The state now has about $160 million set aside to reimburse businesses for taxes assessed by municipalities on items ranging from office equipment to papermaking machines. Businesses now are reimbursed for those taxes at 100 percent, but the program continually comes under fire by some groups that feel it is too costly and provides a disproportionate advantage to big businesses.

In an effort to end the disputes over BETR funding, which sends tremors of uncertainty throughout the business community every two years, Baldacci wants the state to eliminate the tax, which is also perceived as an anti-business policy outside Maine. Under the governor’s plan, business equipment that would qualify for BETR would be tax-exempt if it were put into service on or after April 1, 2007.

Martha Freeman, executive director of the Maine State Planning Office, told lawmakers that the state would reimburse municipalities for 75 percent of the revenues lost through the exemption for the first two years after 2007 and then 50 percent thereafter.

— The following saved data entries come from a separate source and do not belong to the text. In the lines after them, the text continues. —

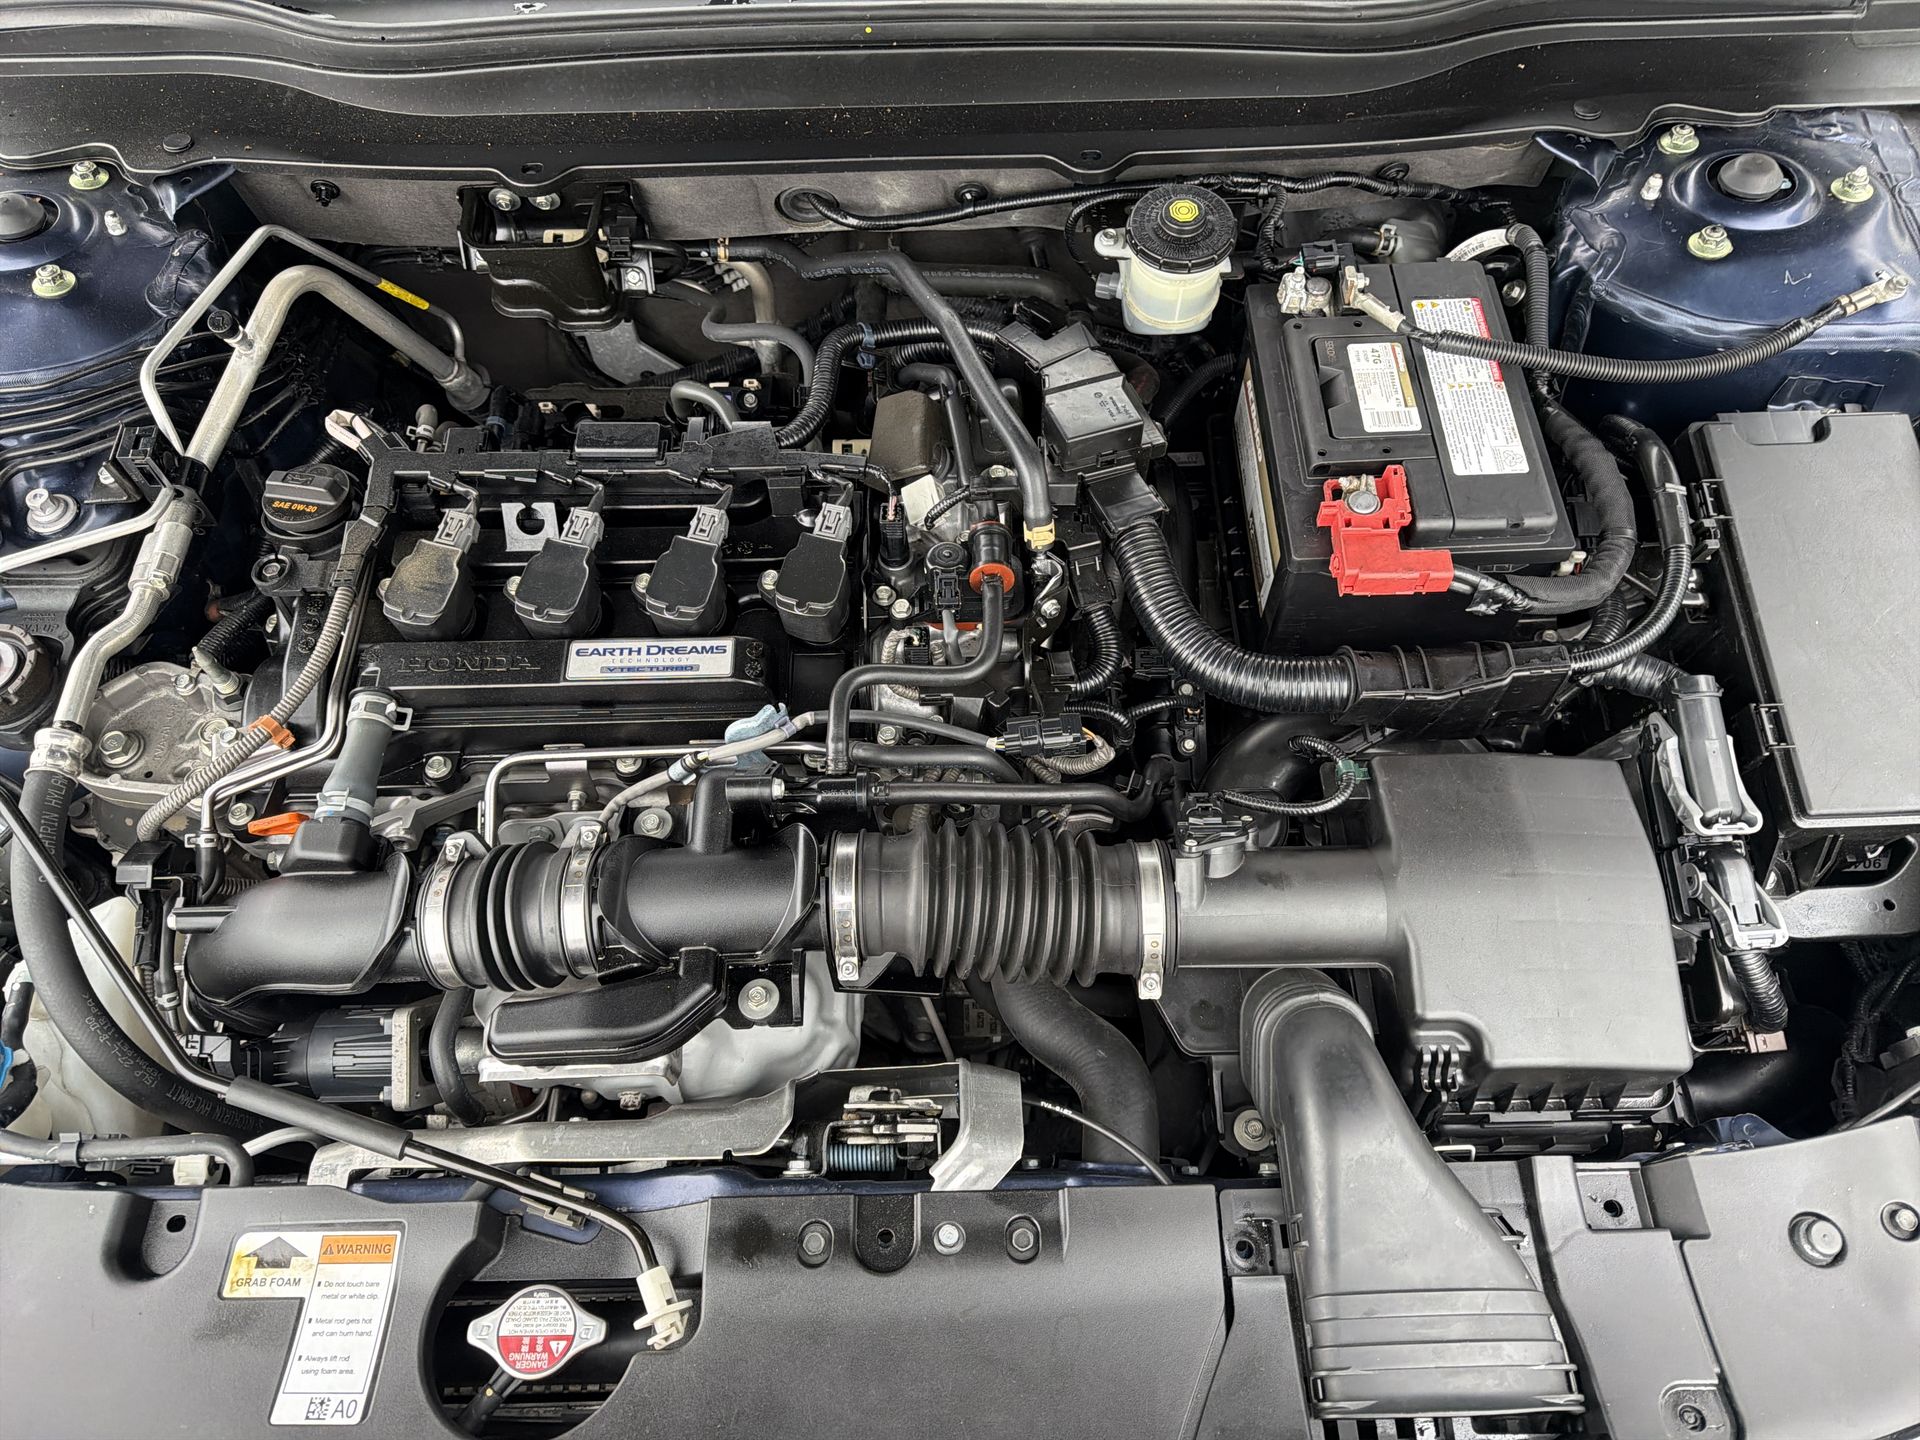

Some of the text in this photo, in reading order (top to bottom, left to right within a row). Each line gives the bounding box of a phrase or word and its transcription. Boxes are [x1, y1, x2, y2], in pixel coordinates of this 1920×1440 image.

[1370, 347, 1382, 365] 47G
[272, 500, 318, 513] SAE 0W-20
[575, 645, 727, 657] EARTH DREAMS
[396, 654, 541, 673] HONDA
[336, 1243, 391, 1255] WARNING
[236, 1277, 301, 1287] GRAB FOAM
[324, 1280, 334, 1288] Do
[346, 1280, 363, 1288] touch
[365, 1280, 380, 1288] bare
[346, 1318, 360, 1326] gets
[304, 1355, 328, 1363] Always
[509, 1352, 548, 1361] WARNUNG
[301, 1368, 318, 1376] using
[332, 1399, 358, 1418] A0

According to Jim Good, a tax attorney for the Maine Pulp and Paper Association, the BETR tax would be eliminated over time as taxable equipment would be replaced by newer tax-exempt equipment.

“It will be quite a number of years out, but we will have had a complete replacement of current taxable equipment with exempt equipment as companies reinvest,” Good said. “For heavy industries like a paper mill, it will probably be 30 years before the existing taxable investment gets replaced with new tax-exempt investment, giving the municipality plenty of time to slowly adjust to this phase-in.”

Numerous representatives of the paper industry were on hand to support the bill, as was Dana Connors, president of the Maine State Chamber of Commerce, who said Maine faces competition in the business and manufacturing sector from other states and other countries.

“In a word, it is critical that we win new capital investment for existing businesses and for the emerging economy of tomorrow,” he said. “If we miss out on investment dollars, we diminish our economic prospects. It’s a competition we can’t afford to lose.”

But opponents such as Bill Bridgeo said LD 1660’s impact on the BETR program would harm the state’s larger cities and surrounding communities. Bridgeo, Augusta’s city manager and chairman of the Maine Service Center Coalition, said the bill would drain communities that rely heavily on business taxes and ignite spin-off effects on county and school district budgets that would “ultimately impact even the most rural of Maine’s communities.”

“Few in our coalition would argue that Maine would likely be better off without this tax,” he said. “Repealing the tax now, however – even with the impact phased in – would have a devastating effect on Maine’s communities.”

Jay Town Manager Ruth Marden said 74 percent of her town’s tax base is derived from personal property taxes, the majority of which are paid by the International Paper Co. She said even the prospective elimination of the business equipment tax through the proposed exemption would place an “unreasonable burden” on surrounding towns.

“The town of Jay pays 30 percent of the Franklin County tax,” she said. “If our values drop, the other towns in the county are going to have to absorb those costs. Franklin County has already seen the loss of jobs and businesses. To put another burden on those towns is going to be very difficult.”